Os avanços no conhecimento dos transtornos cognitivos e demências, a possibilidade de diagnóstico precoce e de tratamento dos quadros demenciais potencialmente reversíveis e/ou evitáveis e a perspectiva de tratamento para as demências degenerativas, exigem que o médico se informe e se prepare para o atendimento de pessoas com aqueles distúrbios; tal demanda reforça-se pelo crescente interesse das pessoas leigas, cada vez melhor informadas no assunto. Ambulatórios multidisciplinares especializados para o atendimento desses pacientes podem ser encontrados em ambientes universitários1-4. Distúrbios cognitivos e comportamentais podem ocorrer como parte do envelhecimento fisiológico, como sintomas de diversas doenças neurológicas e sistêmicas ou como sintomas de síndromes demenciais5-7. Perdas cognitivas e demências são transtornos neurológicos freqüentes na senescência. Como conseqüência do envelhecimento populacional nos países desenvolvidos e nos em desenvolvimento, incluso o nosso, é previsto o aumento progressivo da prevalência desses transtornos8,9. Entretanto, muitas pessoas com distúrbios cognitivos podem não consultar o médico por não se aperceberem de suas perdas ou por acharem, e também seus familiares, que elas são apenas conseqüência do seu envelhecimento normal. Mesmo quando as pessoas relatam sintomas cognitivos e apresentam perdas observáveis, sua demência pode não ser diagnosticada10,11. Em virtude da dificuldade e do custo elevado da investigação diagnóstica e do tratamento dos distúrbios cognitivos/ comportamentais e dos quadros demenciais, países desenvolvidos têm estabelecido diretrizes, a partir de estudos da prática clínica e do exame das pesquisas realizadas12-15.

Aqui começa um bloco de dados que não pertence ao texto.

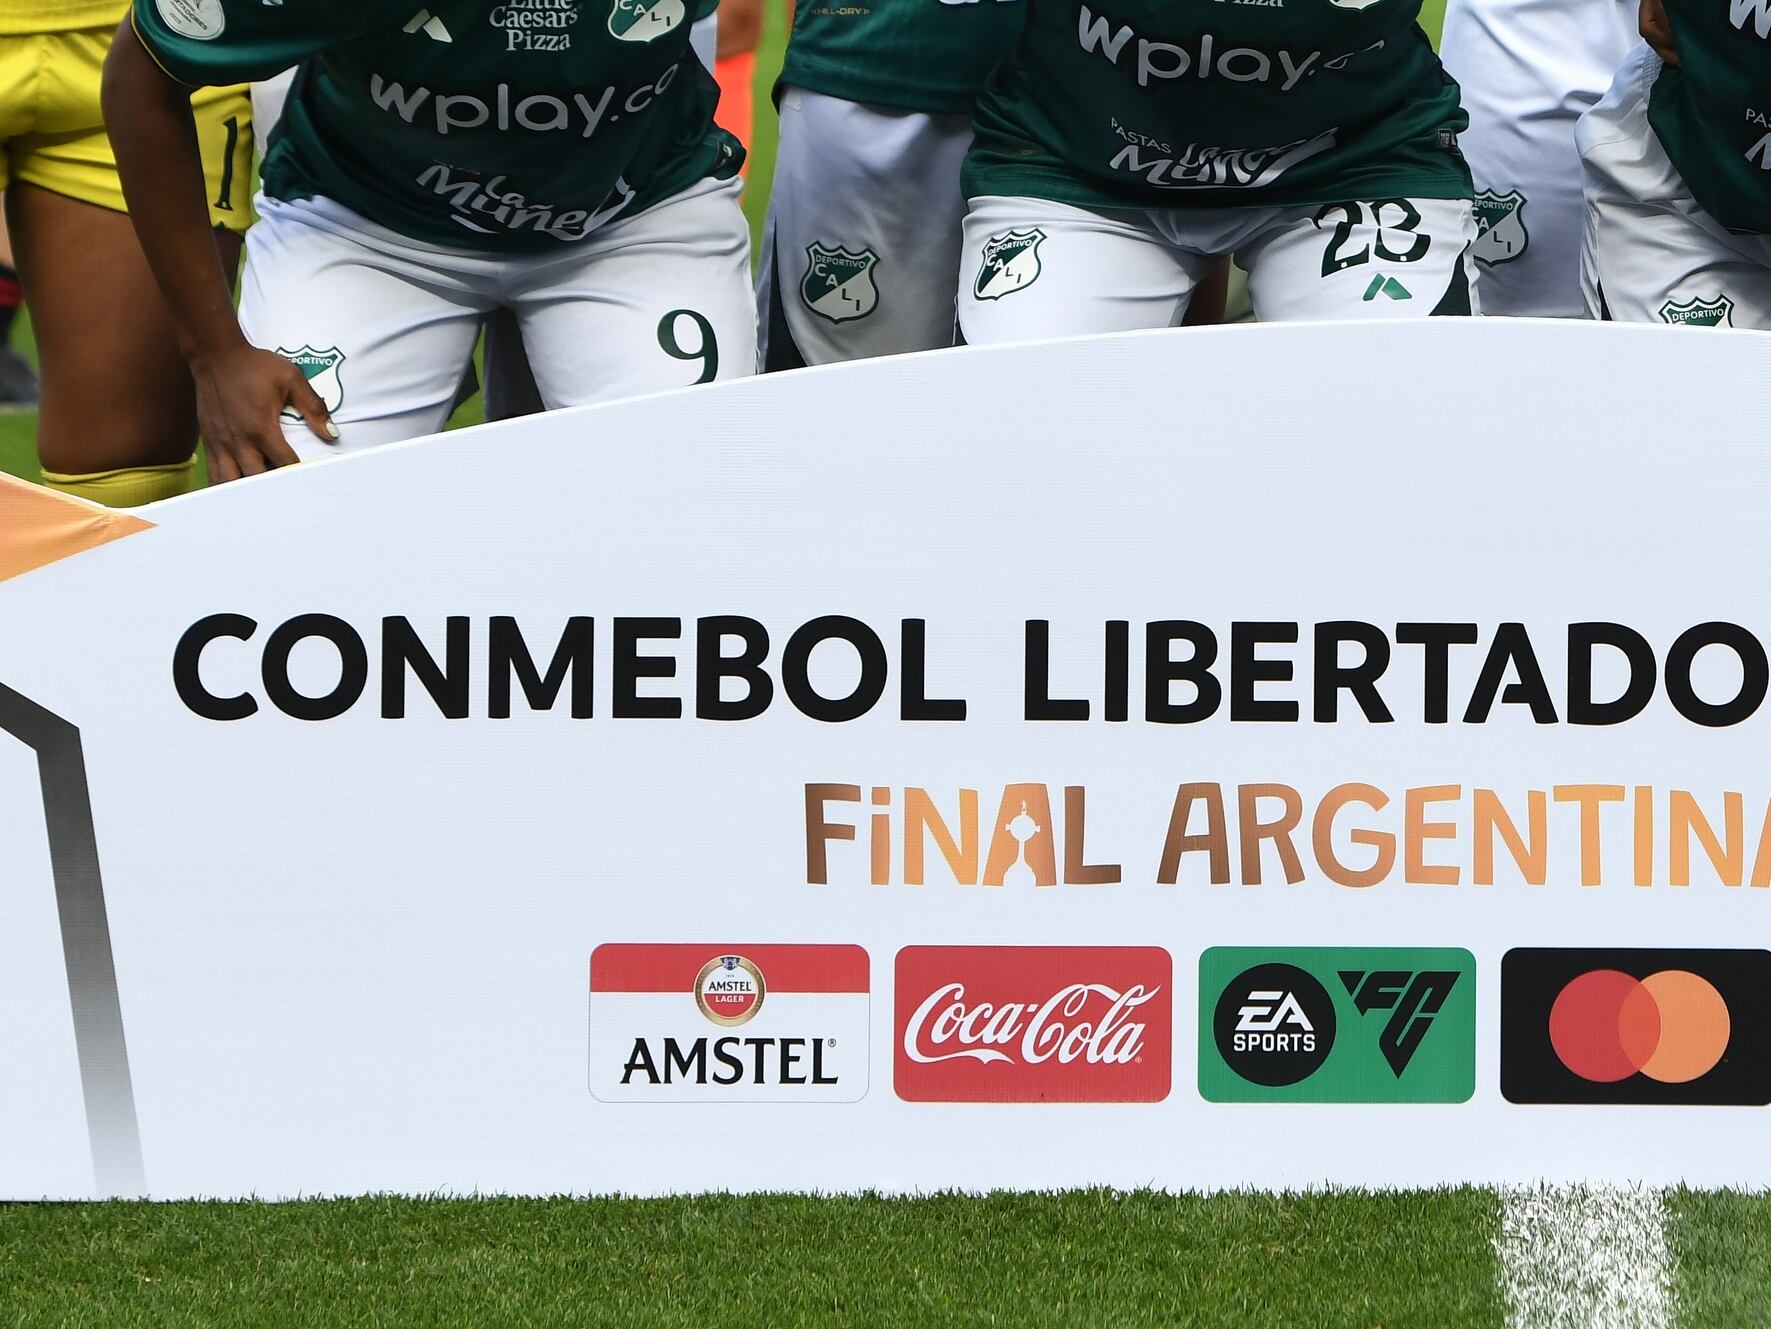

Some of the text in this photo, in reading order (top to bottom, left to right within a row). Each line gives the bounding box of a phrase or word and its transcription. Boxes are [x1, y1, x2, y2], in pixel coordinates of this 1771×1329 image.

[488, 5, 578, 29] Caesars
[505, 29, 572, 52] Pizza
[1110, 116, 1172, 154] PASTAS
[987, 238, 1032, 256] DEPORTIVO
[816, 255, 866, 269] DEPORTIVO
[986, 254, 1022, 284] CALI
[814, 263, 860, 312] CALI
[1672, 308, 1725, 322] DEPORTIVO
[656, 310, 719, 386] 9
[172, 612, 968, 723] CONMEBOL
[708, 980, 752, 992] AMSTEL
[715, 995, 745, 1004] LAGER
[904, 982, 1162, 1066] Coca-Cola
[1234, 990, 1315, 1032] EA
[1233, 1032, 1317, 1053] SPORTS
[619, 1036, 839, 1086] AMSTEL

Os objetivos desta pesquisa incluem: conhecer a freqüência dos transtornos cognitivos e demências na clínica privada do neurologista e outros especialistas que atendem mais freqüentemente esses distúrbios; conhecer as características desses distúrbios dentro de cada especialidade, nas diferentes regiões do país; obter informação sobre o nível de conhecimento e o interesse desses especialistas em relação à área de transtornos cognitivos e demências.

MÉTODO

O projeto foi aprovado pelo Comitê de Ética em Pesquisa do Hospital das Clínicas da Faculdade de Medicina de Ribeirão Preto.

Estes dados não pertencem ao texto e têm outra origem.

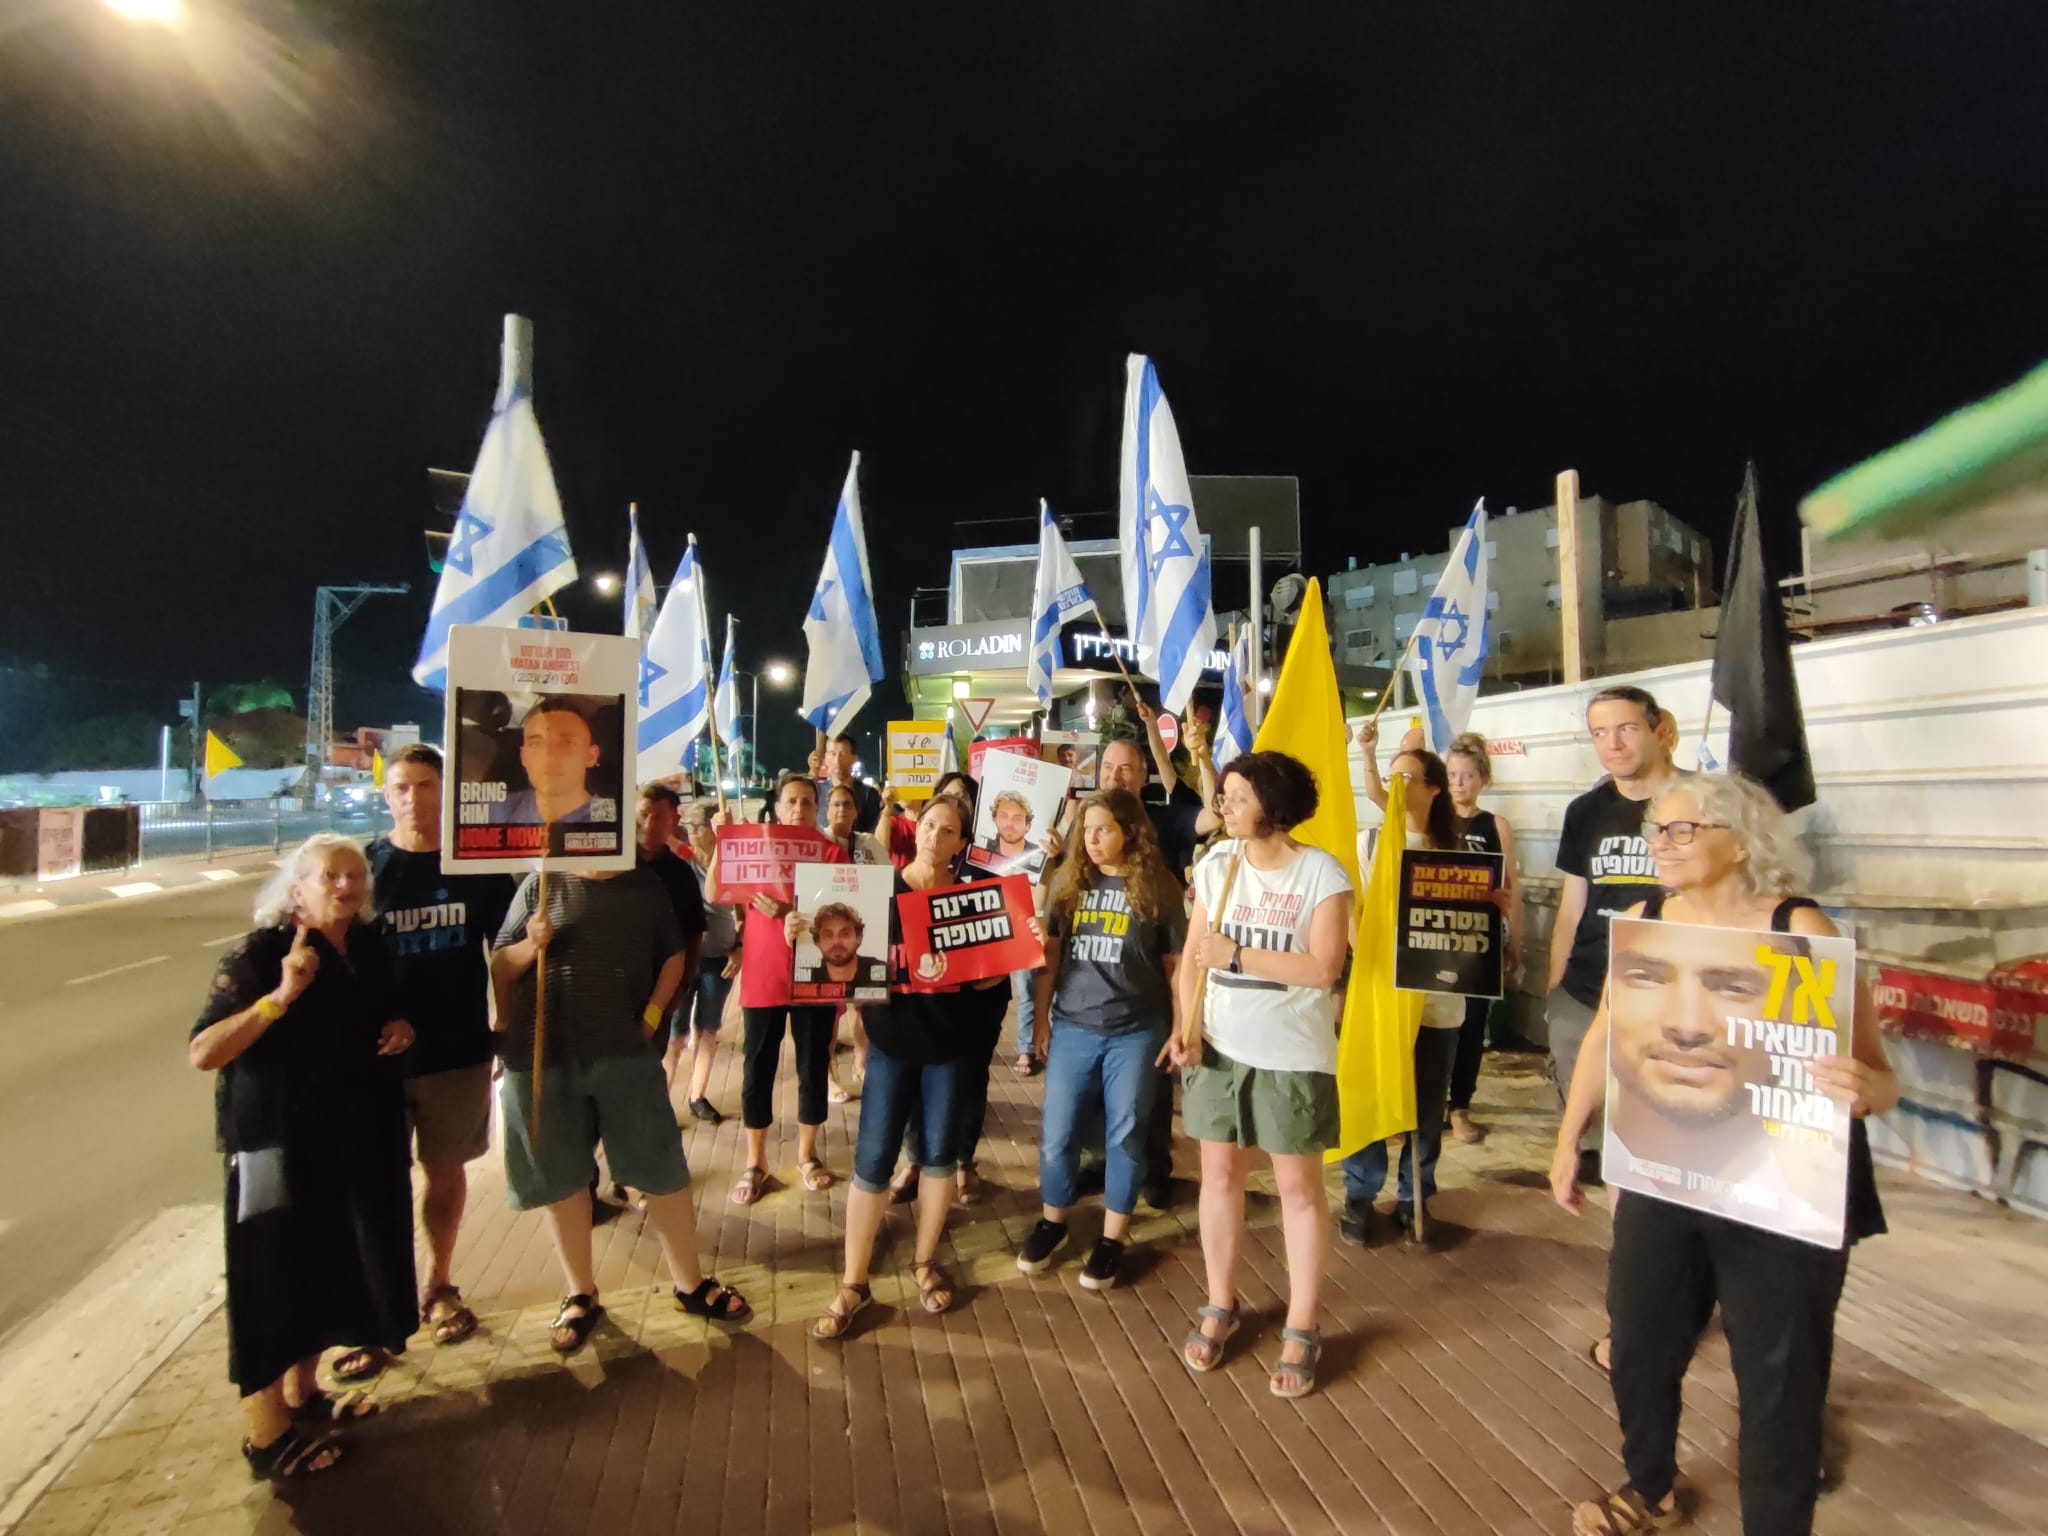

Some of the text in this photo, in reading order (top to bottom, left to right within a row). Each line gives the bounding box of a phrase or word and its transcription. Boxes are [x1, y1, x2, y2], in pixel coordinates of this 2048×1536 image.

[937, 633, 1022, 659] ROLADIN
[913, 754, 924, 769] בן
[908, 774, 932, 783] בעזה
[460, 782, 507, 803] BRING
[460, 803, 490, 825] HIM
[459, 826, 501, 848] HOME
[798, 842, 819, 858] עד
[1413, 865, 1490, 884] מצילים את
[932, 889, 1001, 920] מדינה
[1101, 889, 1132, 913] מה
[384, 902, 466, 933] חופשי
[1071, 910, 1130, 936] עדיין
[1408, 907, 1489, 933] מסרבים
[933, 915, 1010, 949] חטופה
[1408, 931, 1489, 954] למלחמה
[1070, 934, 1124, 964] בעזה?
[1755, 944, 1838, 1029] אל
[1726, 1016, 1837, 1057] תשאירו
[1769, 1054, 1822, 1094] ותי
[1744, 1083, 1835, 1131] מאחור

A pesquisa consiste na aplicação de um questionário a ser respondido por neurologistas, psiquiatras, geriatras e clínicos gerais. No corpo do questionário, precedendo as perguntas, consta uma apresentação da natureza e objetivos da pesquisa. Os questionários não têm qualquer identificação pessoal do respondedor e por essa razão não é necessária nem possível a obtenção de consentimento assinado. O instrumento contém três tipos de informações: (1) dados 'demográficos', incluindo idade, sexo, tempo de profissão, especialidade e carga horária de trabalho; (2) auto-avaliação sobre formação, conhecimento e interesse na área de transtornos cognitivos e demências; (3) características das queixas e transtornos cognitivos e das demências, atendidas na clínica privada do especialista.

O estudo será realizado em quatro etapas: (I) neurologistas no Estado de São Paulo; (II) não neurologistas (psiquiatras, geriatras e clínicos gerais) no Estado de São Paulo; (III) neurologistas em outros Estados; (IV) não neurologistas (psiquiatras, geriatras e clínicos gerais) em outros Estados.

Será consultado o maior número possível de médicos, considerando que muitos poderão não ser alcançados ou poderão recusar-se a responder. Objetivando facilidade operacional, o questionário será entregue e recolhido, após a resposta, por um representante de laboratório farmacêutico; será estabelecido um prazo máximo de 1 mês para a resposta. Não será veiculada qualquer mensagem referente a qualquer produto comercial juntamente com o questionário; não haverá qualquer mensagem impressa referente a produto comercial, ou nome de produto comercial, ou o nome do laboratório farmacêutico, ou qualquer texto que possa implicar em propaganda.

Foi realizado um estudo piloto com os neurologistas do Estado de São Paulo, seguindo-se o método especificado anteriormente, entre novembro de 2001 e janeiro de 2002. Os resultados são apresentados adiante. O questionário utilizado consta de 28 perguntas, além de dados pessoais e demográficos, porém sem qualquer identificação pessoal do respondedor. Os questionários foram entregues para os neurologistas em seus consultórios, e recolhidos, após a resposta, pelo representante farmacêutico; este recebera orientação específica prévia pelo pesquisador. Também puderam participar neurocirurgiões e neurologistas infantis com especialidade em Neurologia, que declararam atender regularmente clínica de adultos e idosos. No total, foram entregues 860 questionários.

RESULTADOS

Do total de questionários entregues (860), obtiveram-se 196 (22,8%) respondidos no prazo solicitado (um mês). Dos especialistas respondentes, 53,2% eram da capital do Estado. Dos respondentes do interior do Estado, 2,1% eram de cidades pequenas (até 100 mil habitantes), 36,0% de cidades médias (entre 100 e 500 mil habitantes), 6,3% de cidades grandes (entre 500 mil e 1 milhão de habitantes) e 4,5% de cidades com mais de 1 milhão de habitantes. A média de idade dos respondentes foi de 44,6±0,7 anos e tinham em média 18,6±0,6 anos de formados; 70,5% eram do sexo masculino. A distribuição da carga horária de trabalho dos respondentes pode ser vista na Fig 1.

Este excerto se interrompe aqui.